In his address to the 102nd Annual General Meeting of the Indian Merchants’ Chamber (IMC), Mukherjee said other positive factors also bode well for the economy. He also noted that Indian exports started picking up from November 2009 and infrastructure services, including rail freight, transport, power, telecommunications and civil aviation, have shown a visible positive change in 2009-10.
Mukherjee added that favorable capital market conditions with influx of capital flows and improved business sentiment are also very encouraging. In addition, factors such as expected demographic dividend, high rates of saving and investment, depth of the domestic market and the increasing presence of Indian corporations in the global market brighten the growth prospects of the economy in the medium to long run.
Since the country’s national elections in 2004, India had a multi-year bull market leading up to the global economic crisis of 2008-09. In the course of 2007, its economy started to get overheated and the central bank put on the brakes pretty aggressively after the Bombay Stock Exchange (BSE-SENSEX) Index peaked out at around 20,500 in January 2008. This caused a significant sell-off, which was exacerbated by the global economic crisis in the second half of 2008. In concert with the global stock market recovery in March 2009, India’s stock market started its own recovery (see chart below). So, the sharp drop in the country’s stock market was not solely attributed to the global slowdown as much as the government reining in growth and inflation. Even though the Indian economy certainly took a hit, GDP growth never dipped below 4% in any quarter during the 2008-09 time frame.

India’s recently released Medium Term Fiscal Policy Statement 2010-11 projects that the fiscal deficit will decline to 4.8% of GDP in 2011-12 and further to 4.1% in 2012-13.
One of the main reasons India fared better during the crisis compared to other emerging market and developed countries is the fact that its economy is mainly fueled by domestic consumption and not exports.
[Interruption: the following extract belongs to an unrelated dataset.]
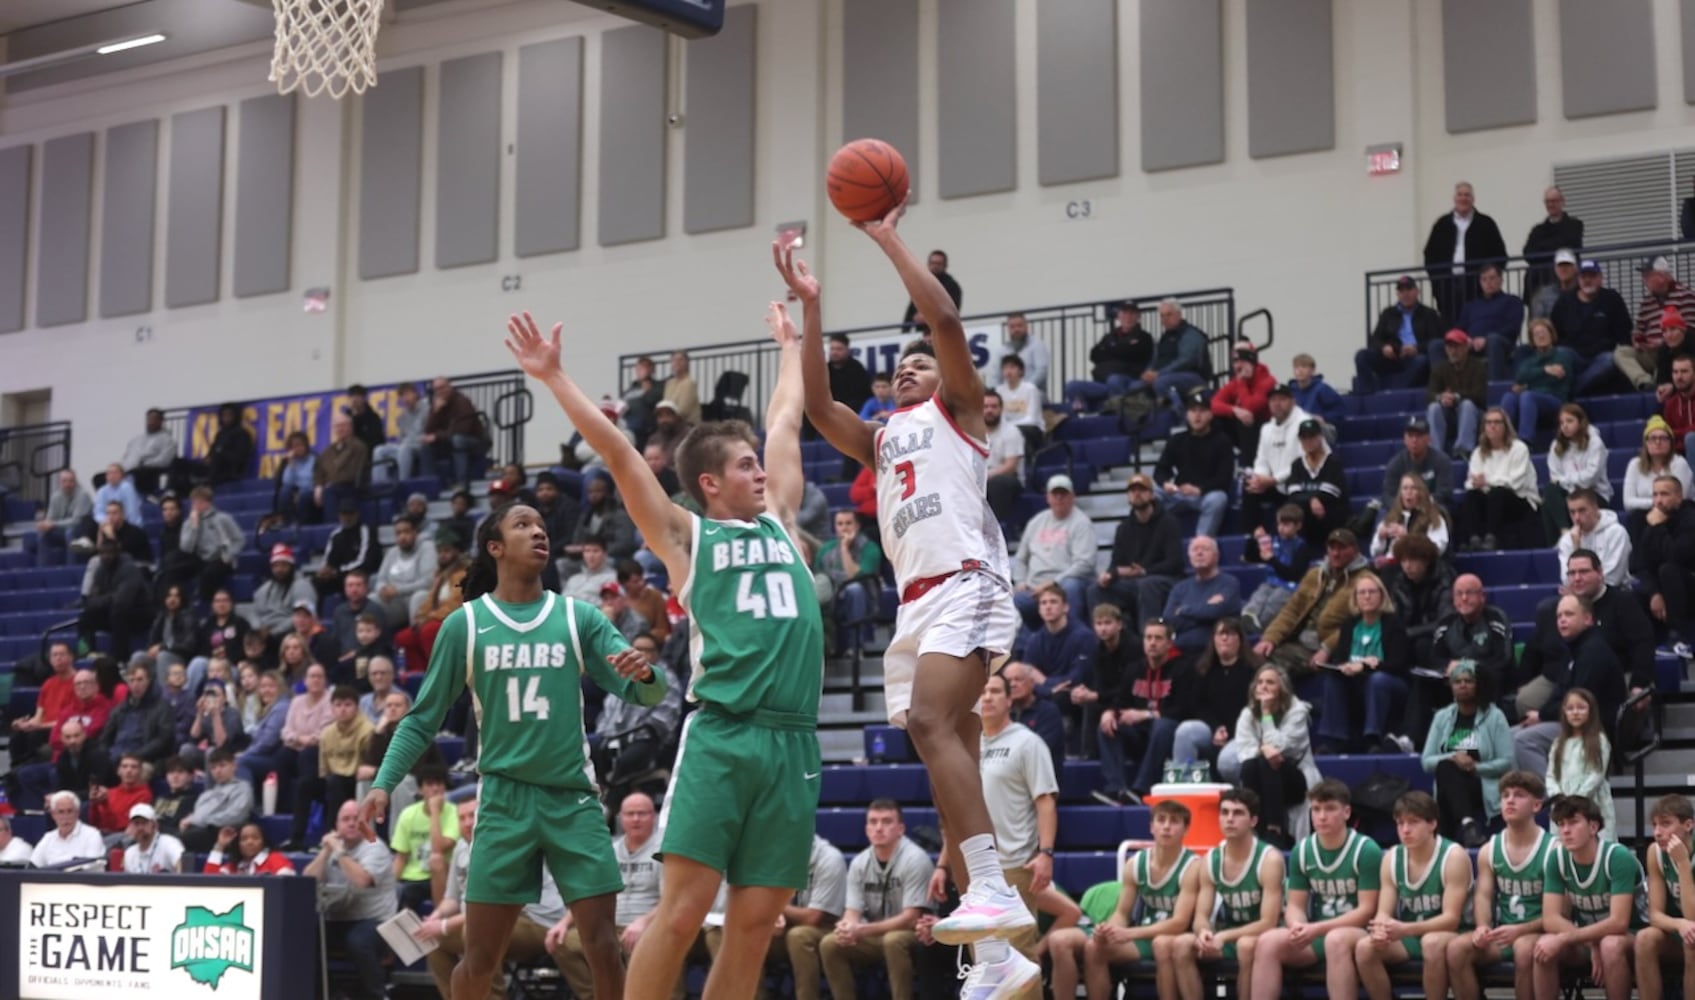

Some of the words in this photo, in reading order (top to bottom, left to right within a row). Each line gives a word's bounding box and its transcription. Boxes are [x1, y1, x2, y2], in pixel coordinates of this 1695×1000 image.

For example, agriculture represents about 18% of its economic output and supports 600 million people. By comparison, agriculture represents about 1% of the economy in the U.S. Sound macro fundamentals and stimulus measures helped India weather the global financial crisis. And unlike the U.S. and other developed countries, consumers in India did not take on the huge amount of debt and its financial institutions did not have exposure to toxic assets such as subprime mortgages. It was also insulated from the problems of the developed world by years of conservative fiscal policy resulting in higher savings rates, increases in business and infrastructure investment, a strong domestic economy and job creation.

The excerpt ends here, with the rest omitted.